- WHAT YOU HAVE TO DO: Repeat the data exactly. Pictures are not part of the copy.

(Stored items from a collection)
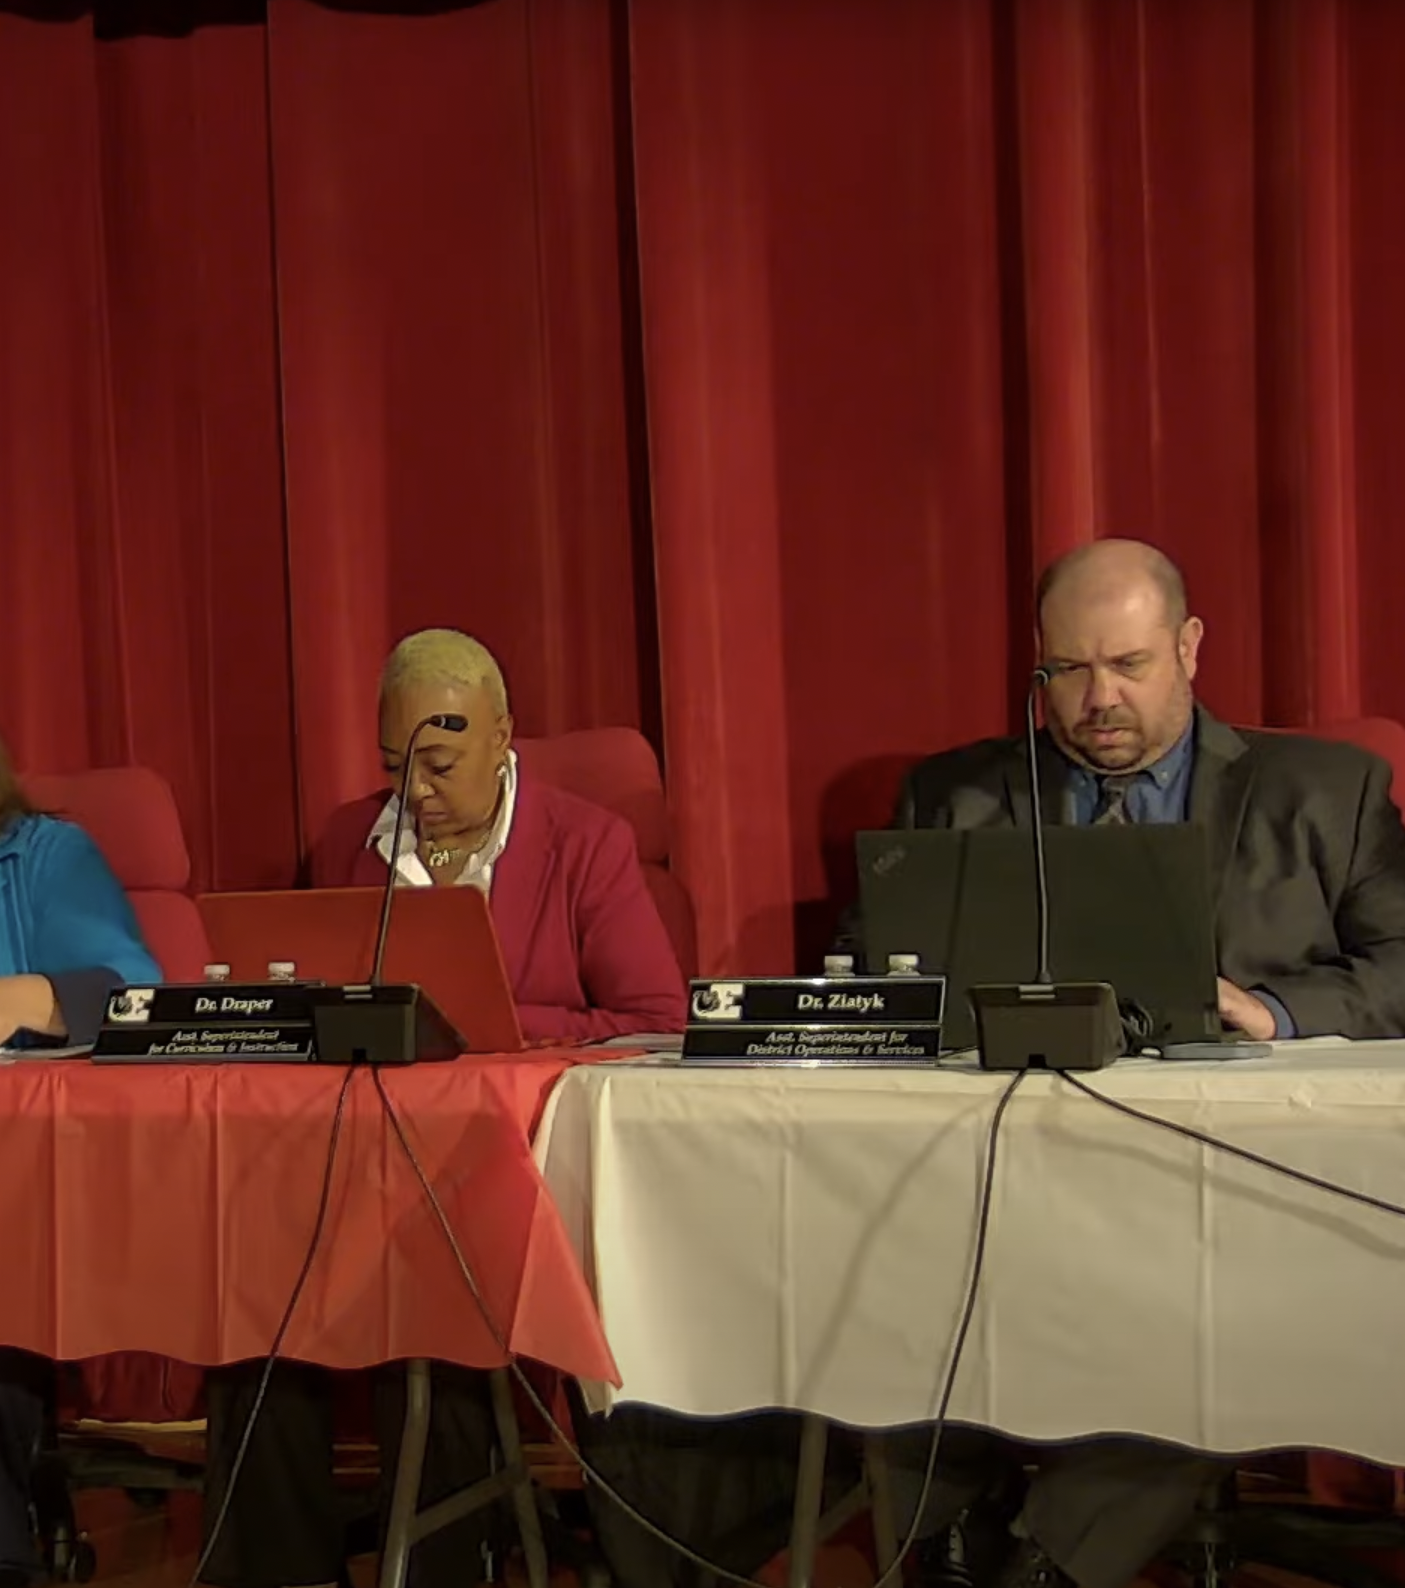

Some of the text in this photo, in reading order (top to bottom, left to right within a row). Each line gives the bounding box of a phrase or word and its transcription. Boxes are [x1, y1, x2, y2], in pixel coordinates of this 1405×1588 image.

[195, 997, 273, 1015] Dr. Draper
[797, 993, 885, 1014] Dr. Ziatyk
[172, 1029, 279, 1043] Asst. Superintendent
[765, 1031, 909, 1044] Asst. Superintendent for
[148, 1041, 299, 1055] for Curriculum & Instruction
[746, 1043, 925, 1057] District Operations & Services
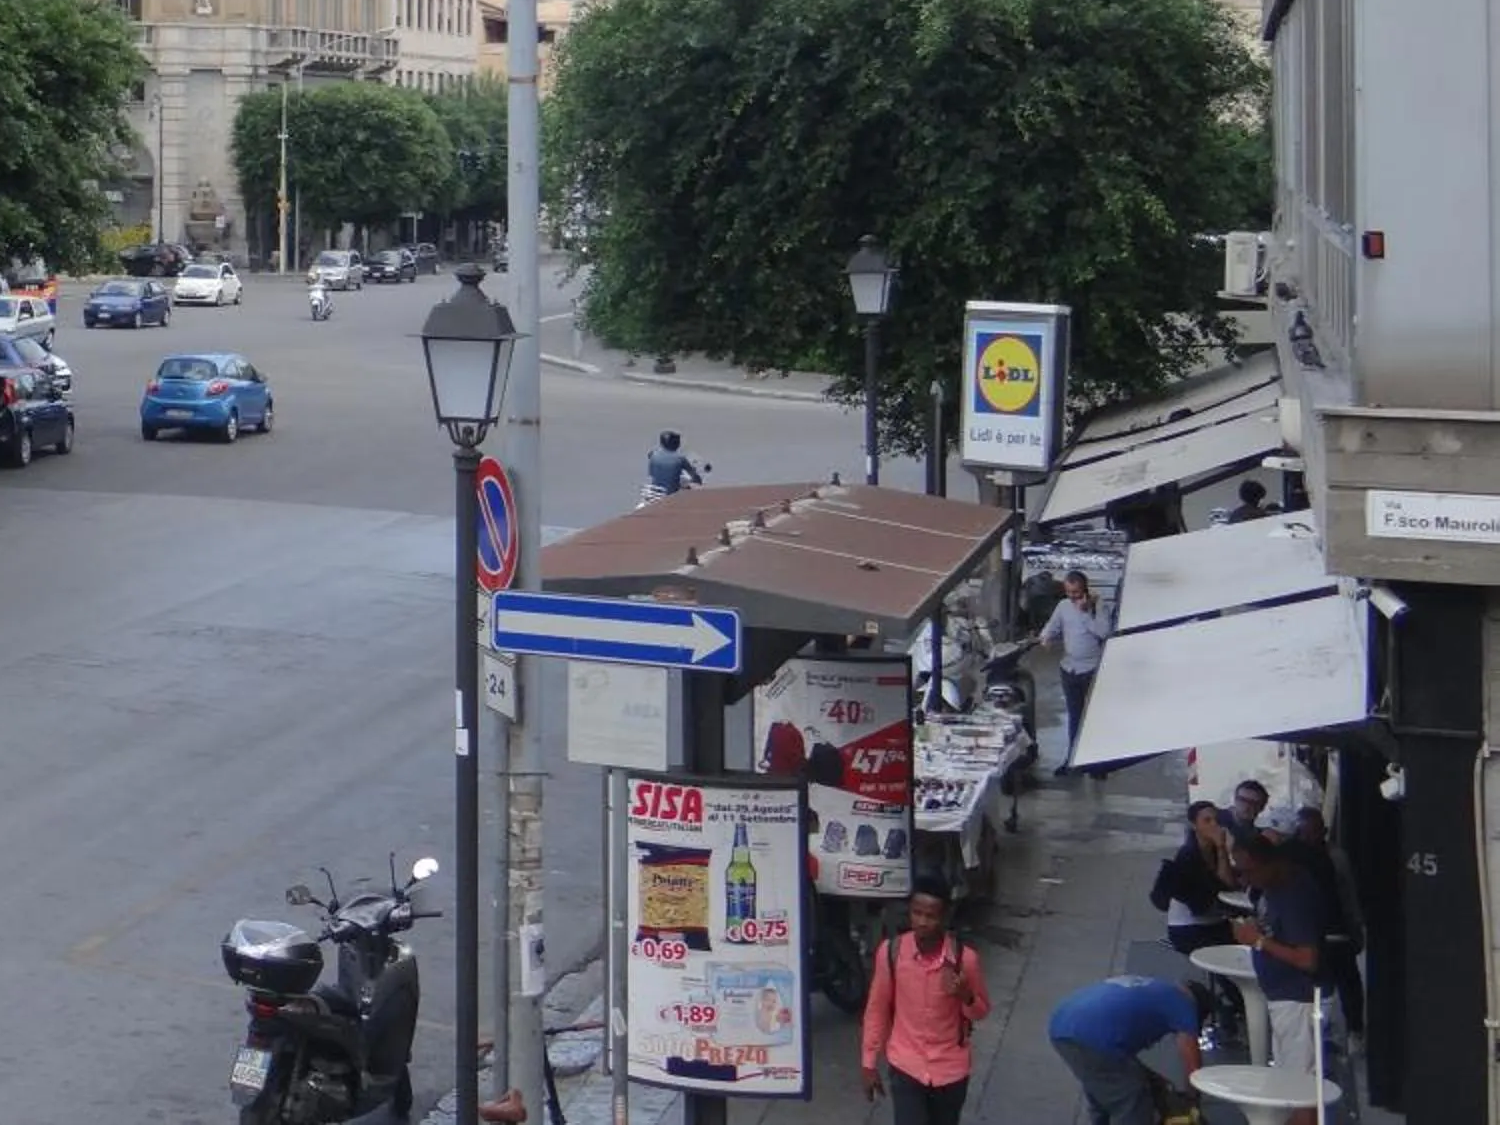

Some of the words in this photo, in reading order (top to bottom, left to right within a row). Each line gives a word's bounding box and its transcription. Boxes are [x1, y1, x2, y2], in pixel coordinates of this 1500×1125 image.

[969, 429, 992, 442] Lidl
[1007, 434, 1025, 446] per
[631, 782, 703, 823] SISA
[1406, 851, 1437, 876] 45
[744, 919, 787, 940] 0,75
[643, 939, 687, 963] 0,69
[672, 1004, 716, 1025] 1,89

- RESULT OF THE EXERCISE:
Some of the text in this photo, in reading order (top to bottom, left to right within a row). Each line gives the bounding box of a phrase or word and its transcription. Boxes are [x1, y1, x2, y2], in pixel coordinates of this 1405×1588 image.

[195, 997, 273, 1015] Dr. Draper
[797, 993, 885, 1014] Dr. Ziatyk
[172, 1029, 279, 1043] Asst. Superintendent
[765, 1031, 909, 1044] Asst. Superintendent for
[148, 1041, 299, 1055] for Curriculum & Instruction
[746, 1043, 925, 1057] District Operations & Services

Some of the words in this photo, in reading order (top to bottom, left to right within a row). Each line gives a word's bounding box and its transcription. Boxes are [x1, y1, x2, y2], in pixel coordinates of this 1500×1125 image.

[969, 429, 992, 442] Lidl
[1007, 434, 1025, 446] per
[631, 782, 703, 823] SISA
[1406, 851, 1437, 876] 45
[744, 919, 787, 940] 0,75
[643, 939, 687, 963] 0,69
[672, 1004, 716, 1025] 1,89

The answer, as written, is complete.